(Exercise input)

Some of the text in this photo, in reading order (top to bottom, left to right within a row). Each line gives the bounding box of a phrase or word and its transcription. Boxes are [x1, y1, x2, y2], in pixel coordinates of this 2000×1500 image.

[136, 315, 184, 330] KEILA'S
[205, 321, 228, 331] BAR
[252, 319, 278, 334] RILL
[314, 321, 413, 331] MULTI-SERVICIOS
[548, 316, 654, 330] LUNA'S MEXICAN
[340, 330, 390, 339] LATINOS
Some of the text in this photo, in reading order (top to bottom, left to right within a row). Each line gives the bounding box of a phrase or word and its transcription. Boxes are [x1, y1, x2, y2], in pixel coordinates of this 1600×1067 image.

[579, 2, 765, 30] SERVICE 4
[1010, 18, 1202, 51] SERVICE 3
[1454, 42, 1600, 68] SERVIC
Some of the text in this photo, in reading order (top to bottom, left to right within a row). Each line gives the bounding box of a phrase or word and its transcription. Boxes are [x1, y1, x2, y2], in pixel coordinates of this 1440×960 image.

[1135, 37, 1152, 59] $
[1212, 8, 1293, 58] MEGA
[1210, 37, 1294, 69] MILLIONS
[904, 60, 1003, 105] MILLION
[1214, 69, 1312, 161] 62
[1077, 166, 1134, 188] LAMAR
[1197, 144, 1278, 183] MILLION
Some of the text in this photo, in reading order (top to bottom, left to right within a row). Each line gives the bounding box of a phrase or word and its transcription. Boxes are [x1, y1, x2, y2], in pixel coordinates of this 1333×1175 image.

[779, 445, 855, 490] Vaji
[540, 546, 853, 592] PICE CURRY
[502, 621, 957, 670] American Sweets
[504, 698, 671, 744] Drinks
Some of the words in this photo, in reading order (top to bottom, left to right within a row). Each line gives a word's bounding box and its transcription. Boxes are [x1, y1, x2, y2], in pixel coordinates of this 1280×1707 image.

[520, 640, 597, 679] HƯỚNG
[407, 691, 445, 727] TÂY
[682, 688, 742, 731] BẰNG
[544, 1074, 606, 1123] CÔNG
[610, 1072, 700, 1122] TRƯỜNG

(End Exercise input)

- Task statement -
Complete, exact output of the records is expected.

- Response to the task -
Some of the text in this photo, in reading order (top to bottom, left to right within a row). Each line gives the bounding box of a phrase or word and its transcription. Boxes are [x1, y1, x2, y2], in pixel coordinates of this 2000×1500 image.

[136, 315, 184, 330] KEILA'S
[205, 321, 228, 331] BAR
[252, 319, 278, 334] RILL
[314, 321, 413, 331] MULTI-SERVICIOS
[548, 316, 654, 330] LUNA'S MEXICAN
[340, 330, 390, 339] LATINOS
Some of the text in this photo, in reading order (top to bottom, left to right within a row). Each line gives the bounding box of a phrase or word and its transcription. Boxes are [x1, y1, x2, y2], in pixel coordinates of this 1600×1067 image.

[579, 2, 765, 30] SERVICE 4
[1010, 18, 1202, 51] SERVICE 3
[1454, 42, 1600, 68] SERVIC
Some of the text in this photo, in reading order (top to bottom, left to right within a row). Each line gives the bounding box of a phrase or word and its transcription. Boxes are [x1, y1, x2, y2], in pixel coordinates of this 1440×960 image.

[1135, 37, 1152, 59] $
[1212, 8, 1293, 58] MEGA
[1210, 37, 1294, 69] MILLIONS
[904, 60, 1003, 105] MILLION
[1214, 69, 1312, 161] 62
[1077, 166, 1134, 188] LAMAR
[1197, 144, 1278, 183] MILLION
Some of the text in this photo, in reading order (top to bottom, left to right within a row). Each line gives the bounding box of a phrase or word and its transcription. Boxes are [x1, y1, x2, y2], in pixel coordinates of this 1333×1175 image.

[779, 445, 855, 490] Vaji
[540, 546, 853, 592] PICE CURRY
[502, 621, 957, 670] American Sweets
[504, 698, 671, 744] Drinks
Some of the words in this photo, in reading order (top to bottom, left to right within a row). Each line gives a word's bounding box and its transcription. Boxes are [x1, y1, x2, y2], in pixel coordinates of this 1280×1707 image.

[520, 640, 597, 679] HƯỚNG
[407, 691, 445, 727] TÂY
[682, 688, 742, 731] BẰNG
[544, 1074, 606, 1123] CÔNG
[610, 1072, 700, 1122] TRƯỜNG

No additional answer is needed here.